DATA TO EXAMINE:

══════

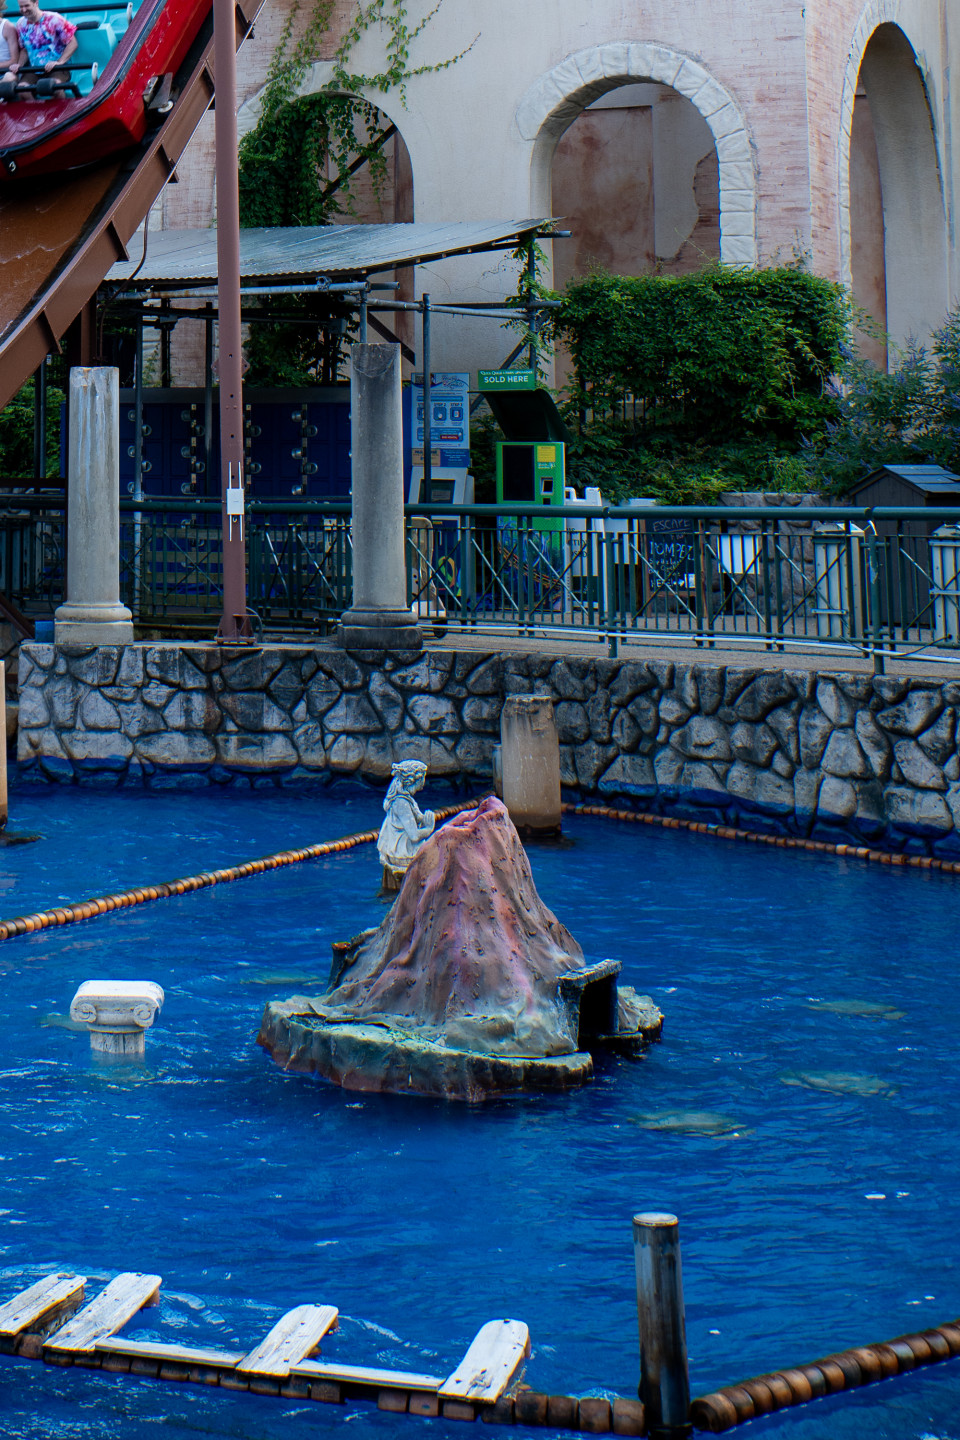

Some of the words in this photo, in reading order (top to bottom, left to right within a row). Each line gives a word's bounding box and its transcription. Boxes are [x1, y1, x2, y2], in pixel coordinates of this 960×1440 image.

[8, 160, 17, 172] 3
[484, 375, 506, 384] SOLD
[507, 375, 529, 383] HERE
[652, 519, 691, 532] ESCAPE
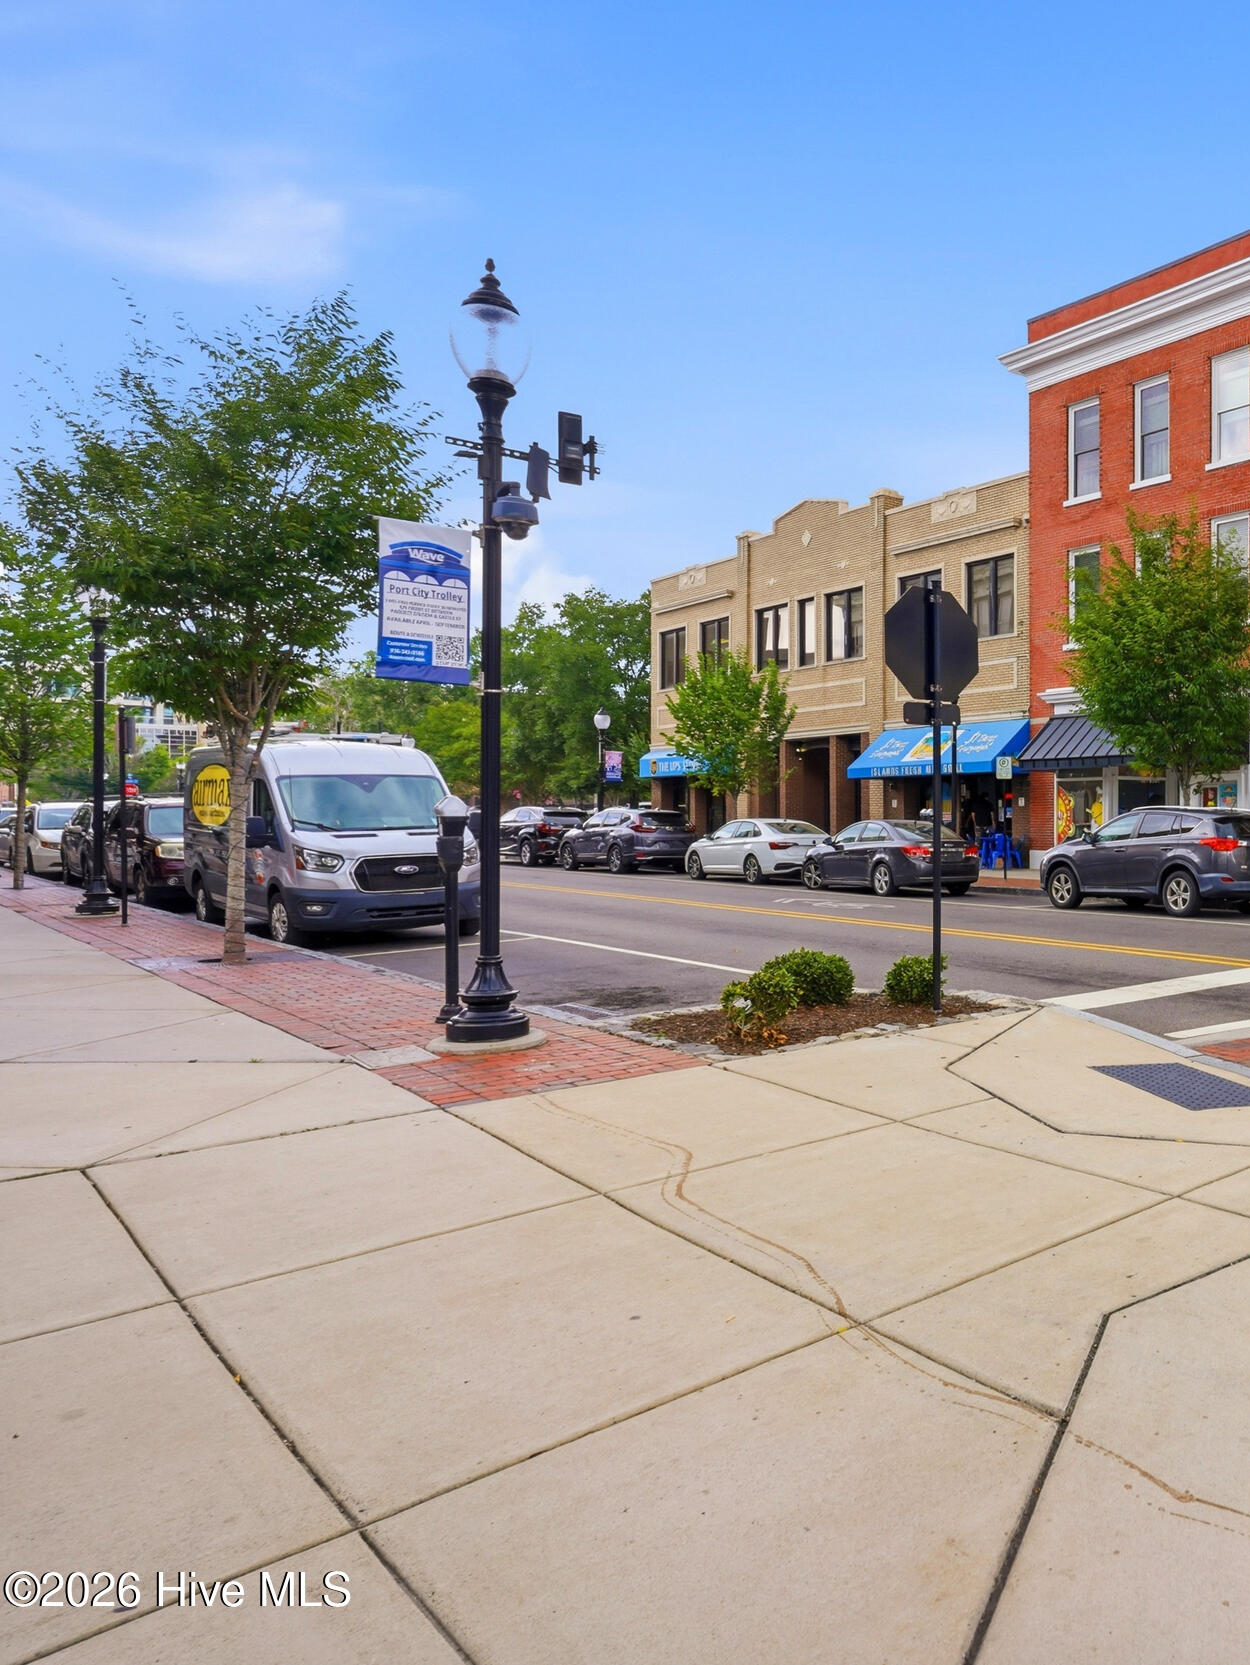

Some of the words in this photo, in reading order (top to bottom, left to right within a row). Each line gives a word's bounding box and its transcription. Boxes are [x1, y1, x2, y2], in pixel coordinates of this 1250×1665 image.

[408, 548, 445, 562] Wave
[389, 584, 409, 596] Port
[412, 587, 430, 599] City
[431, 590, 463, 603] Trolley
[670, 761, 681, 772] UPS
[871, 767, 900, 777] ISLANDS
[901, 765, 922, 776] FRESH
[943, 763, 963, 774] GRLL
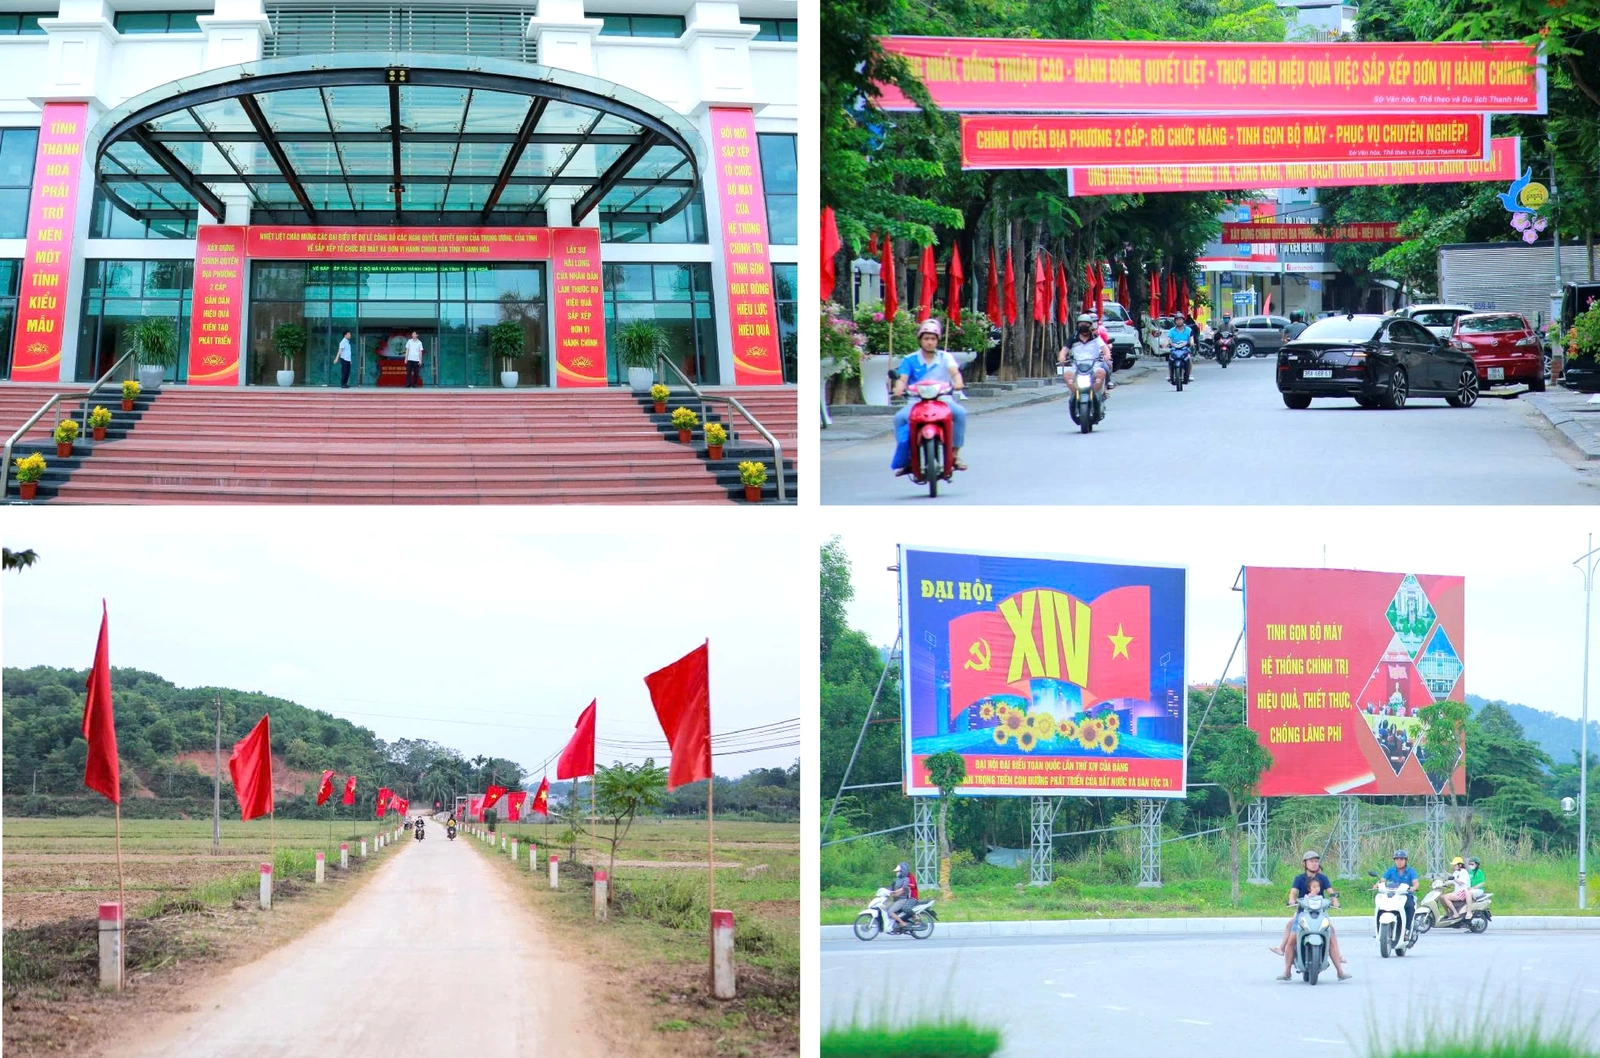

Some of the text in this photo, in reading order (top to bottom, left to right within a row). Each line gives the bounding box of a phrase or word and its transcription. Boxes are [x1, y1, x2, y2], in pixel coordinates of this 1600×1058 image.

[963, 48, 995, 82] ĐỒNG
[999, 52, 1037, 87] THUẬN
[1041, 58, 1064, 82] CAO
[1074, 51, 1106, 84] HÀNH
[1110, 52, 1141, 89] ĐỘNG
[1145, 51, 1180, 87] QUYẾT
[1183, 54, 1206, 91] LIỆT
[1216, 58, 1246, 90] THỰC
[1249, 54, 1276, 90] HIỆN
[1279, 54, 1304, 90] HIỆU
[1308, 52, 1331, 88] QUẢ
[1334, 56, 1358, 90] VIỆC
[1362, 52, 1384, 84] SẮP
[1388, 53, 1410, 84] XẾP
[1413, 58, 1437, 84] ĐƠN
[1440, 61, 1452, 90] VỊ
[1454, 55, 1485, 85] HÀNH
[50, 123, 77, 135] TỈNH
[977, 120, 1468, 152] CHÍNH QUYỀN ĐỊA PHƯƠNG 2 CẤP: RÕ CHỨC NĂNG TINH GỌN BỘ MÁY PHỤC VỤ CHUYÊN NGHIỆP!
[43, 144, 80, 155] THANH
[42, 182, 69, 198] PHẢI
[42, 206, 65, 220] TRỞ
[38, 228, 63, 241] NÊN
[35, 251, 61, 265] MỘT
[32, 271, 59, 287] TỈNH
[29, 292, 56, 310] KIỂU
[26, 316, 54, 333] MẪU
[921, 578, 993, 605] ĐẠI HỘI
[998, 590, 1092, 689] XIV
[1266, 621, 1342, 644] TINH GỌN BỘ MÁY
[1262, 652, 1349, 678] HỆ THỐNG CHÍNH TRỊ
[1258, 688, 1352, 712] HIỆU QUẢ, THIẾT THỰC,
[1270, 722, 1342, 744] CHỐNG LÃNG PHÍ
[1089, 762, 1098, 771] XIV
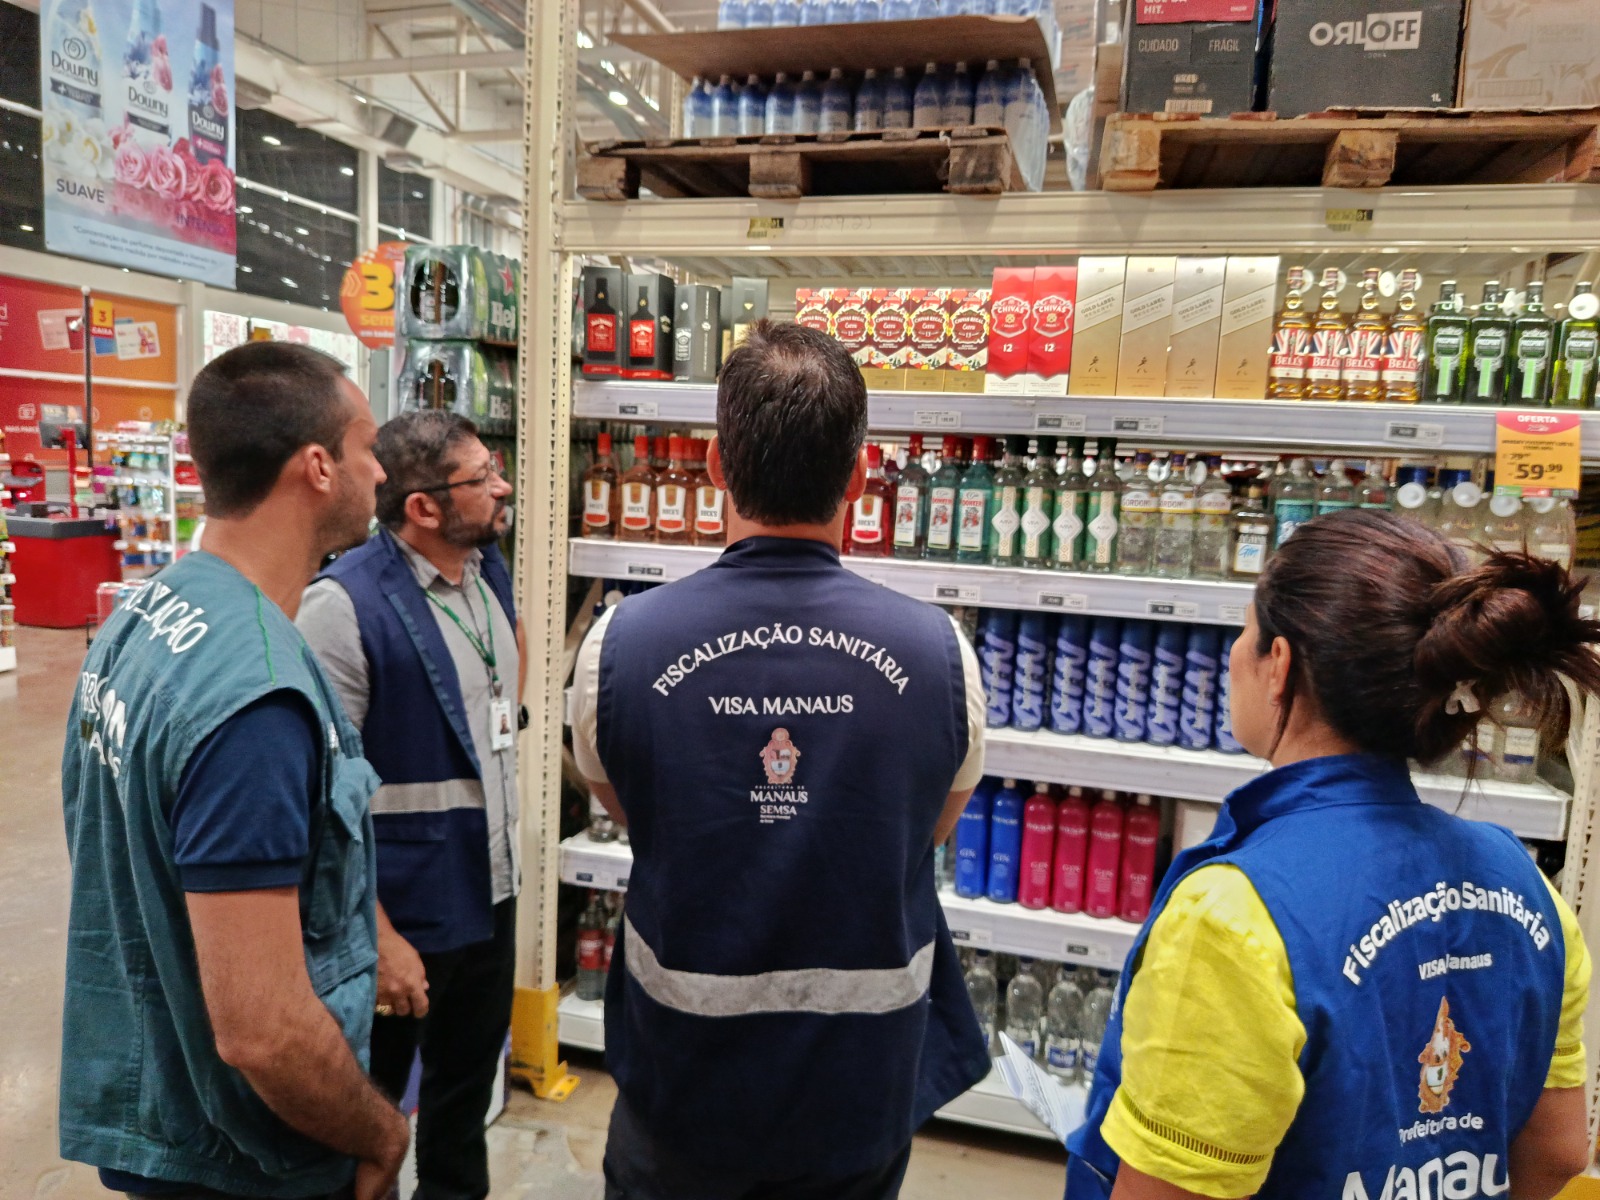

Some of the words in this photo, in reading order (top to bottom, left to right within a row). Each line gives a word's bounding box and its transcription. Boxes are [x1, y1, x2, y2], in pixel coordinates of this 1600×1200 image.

══════

ASSIGNMENT: All that is needed is the span from the line with "Some of the text" through the last line of the material above, reproduced exactly and free of pictures.

EXERCISE RESULT:
Some of the text in this photo, in reading order (top to bottom, left to right within a row). Each line gives the bounding box of a phrase or word and its transcription. Boxes are [x1, y1, x2, y2], in pixel coordinates of this 1600×1058 image.

[963, 48, 995, 82] ĐỒNG
[999, 52, 1037, 87] THUẬN
[1041, 58, 1064, 82] CAO
[1074, 51, 1106, 84] HÀNH
[1110, 52, 1141, 89] ĐỘNG
[1145, 51, 1180, 87] QUYẾT
[1183, 54, 1206, 91] LIỆT
[1216, 58, 1246, 90] THỰC
[1249, 54, 1276, 90] HIỆN
[1279, 54, 1304, 90] HIỆU
[1308, 52, 1331, 88] QUẢ
[1334, 56, 1358, 90] VIỆC
[1362, 52, 1384, 84] SẮP
[1388, 53, 1410, 84] XẾP
[1413, 58, 1437, 84] ĐƠN
[1440, 61, 1452, 90] VỊ
[1454, 55, 1485, 85] HÀNH
[50, 123, 77, 135] TỈNH
[977, 120, 1468, 152] CHÍNH QUYỀN ĐỊA PHƯƠNG 2 CẤP: RÕ CHỨC NĂNG TINH GỌN BỘ MÁY PHỤC VỤ CHUYÊN NGHIỆP!
[43, 144, 80, 155] THANH
[42, 182, 69, 198] PHẢI
[42, 206, 65, 220] TRỞ
[38, 228, 63, 241] NÊN
[35, 251, 61, 265] MỘT
[32, 271, 59, 287] TỈNH
[29, 292, 56, 310] KIỂU
[26, 316, 54, 333] MẪU
[921, 578, 993, 605] ĐẠI HỘI
[998, 590, 1092, 689] XIV
[1266, 621, 1342, 644] TINH GỌN BỘ MÁY
[1262, 652, 1349, 678] HỆ THỐNG CHÍNH TRỊ
[1258, 688, 1352, 712] HIỆU QUẢ, THIẾT THỰC,
[1270, 722, 1342, 744] CHỐNG LÃNG PHÍ
[1089, 762, 1098, 771] XIV

Some of the words in this photo, in reading order (top to bottom, left to right within a row). Each line gives a word's bounding box and its transcription. Boxes are [x1, y1, x2, y2], in pixel coordinates of this 1600×1200 image.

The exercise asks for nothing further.